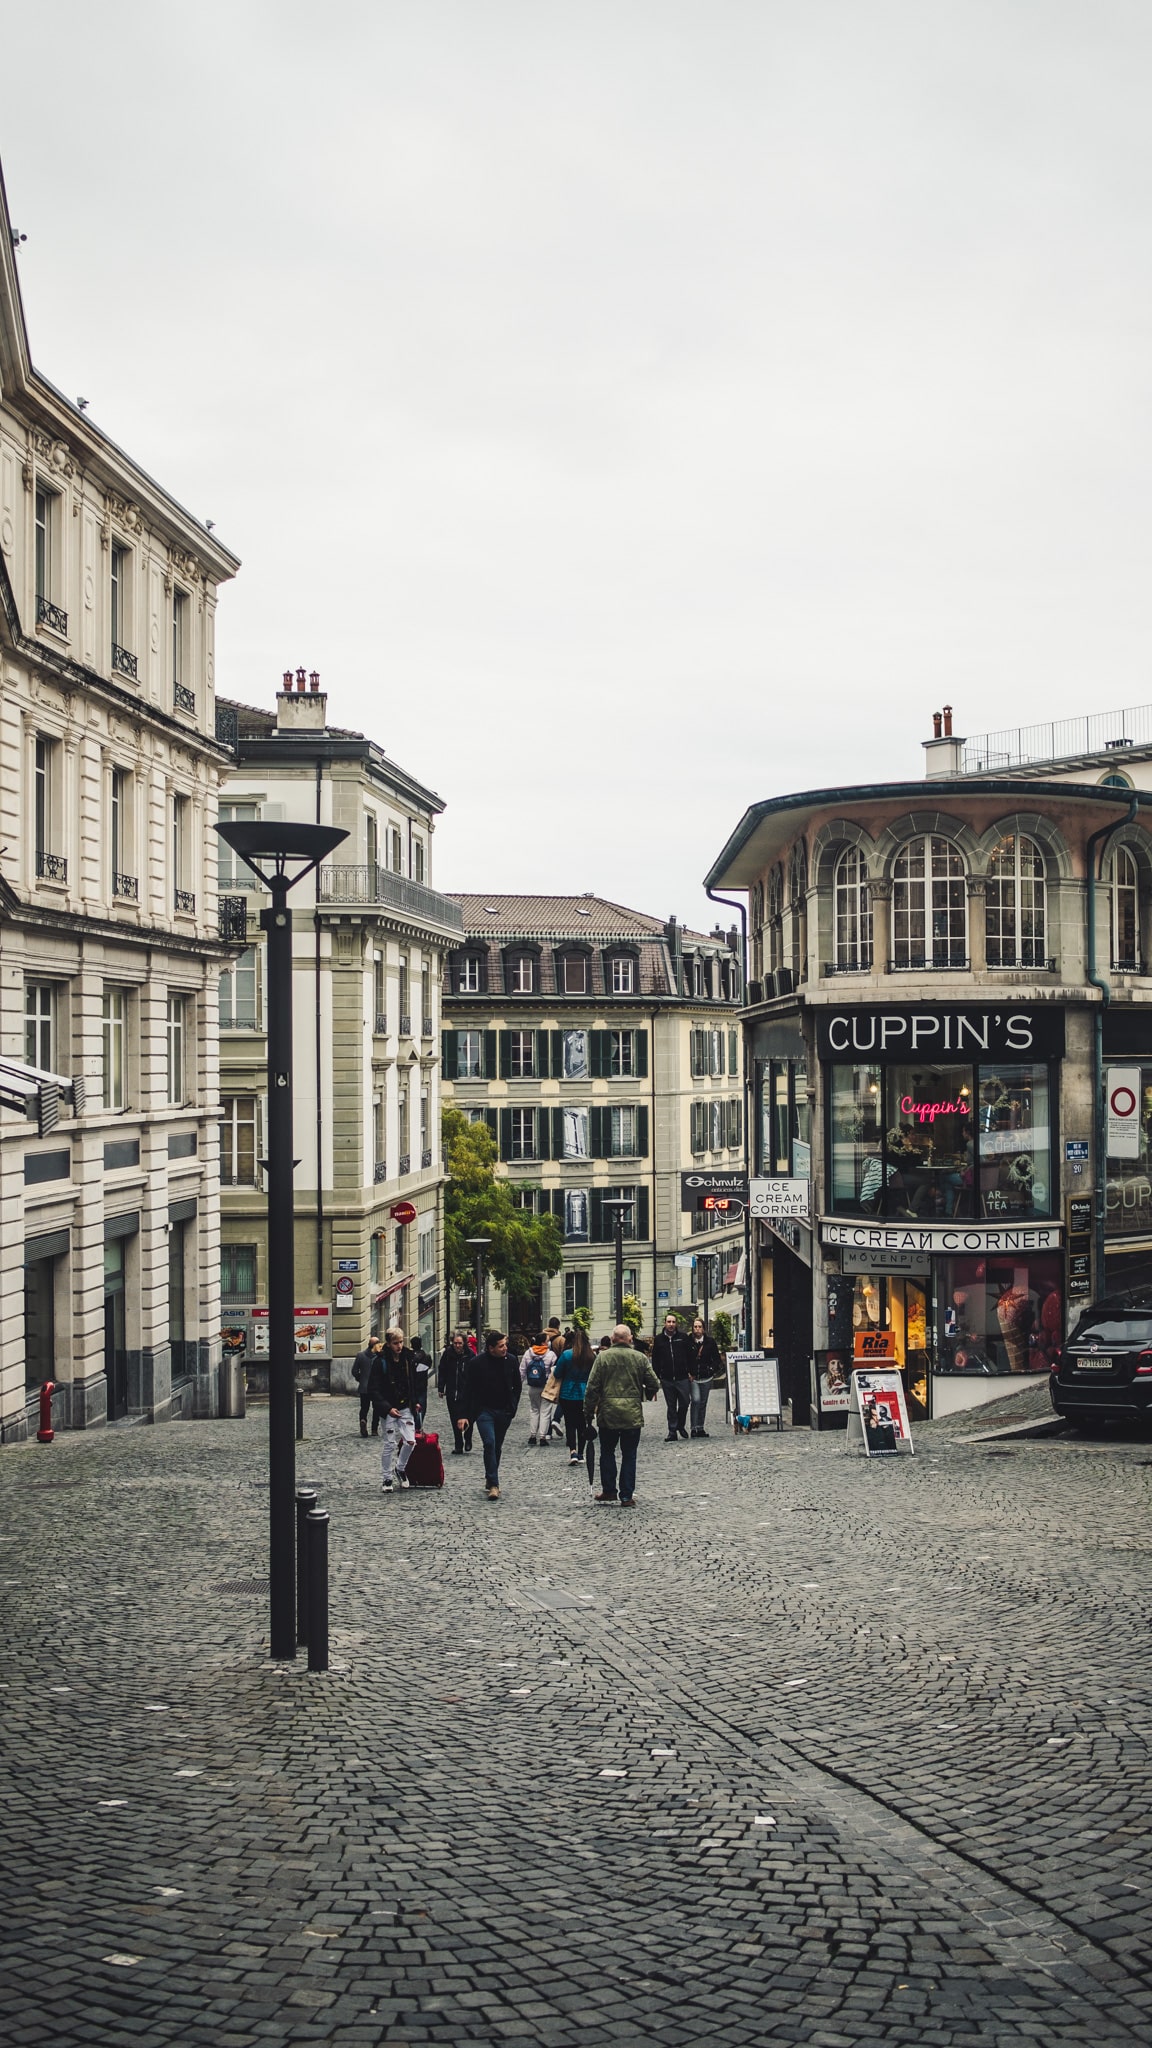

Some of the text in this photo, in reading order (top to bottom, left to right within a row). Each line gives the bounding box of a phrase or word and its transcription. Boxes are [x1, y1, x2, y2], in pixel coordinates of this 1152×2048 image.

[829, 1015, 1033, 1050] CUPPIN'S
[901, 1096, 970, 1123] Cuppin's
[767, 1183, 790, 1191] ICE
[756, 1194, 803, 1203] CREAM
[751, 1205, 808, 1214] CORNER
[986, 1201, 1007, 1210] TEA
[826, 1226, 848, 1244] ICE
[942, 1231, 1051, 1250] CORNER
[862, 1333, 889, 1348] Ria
--
Omit pictures; set down the rest of the material word for word.

Some of the text in this photo, in reading order (top to bottom, left to right within a row). Each line gives the bounding box of a phrase or word and its transcription. Boxes are [x1, y1, x2, y2], in pixel coordinates of this 1152×2048 image.

[829, 1015, 1033, 1050] CUPPIN'S
[901, 1096, 970, 1123] Cuppin's
[767, 1183, 790, 1191] ICE
[756, 1194, 803, 1203] CREAM
[751, 1205, 808, 1214] CORNER
[986, 1201, 1007, 1210] TEA
[826, 1226, 848, 1244] ICE
[942, 1231, 1051, 1250] CORNER
[862, 1333, 889, 1348] Ria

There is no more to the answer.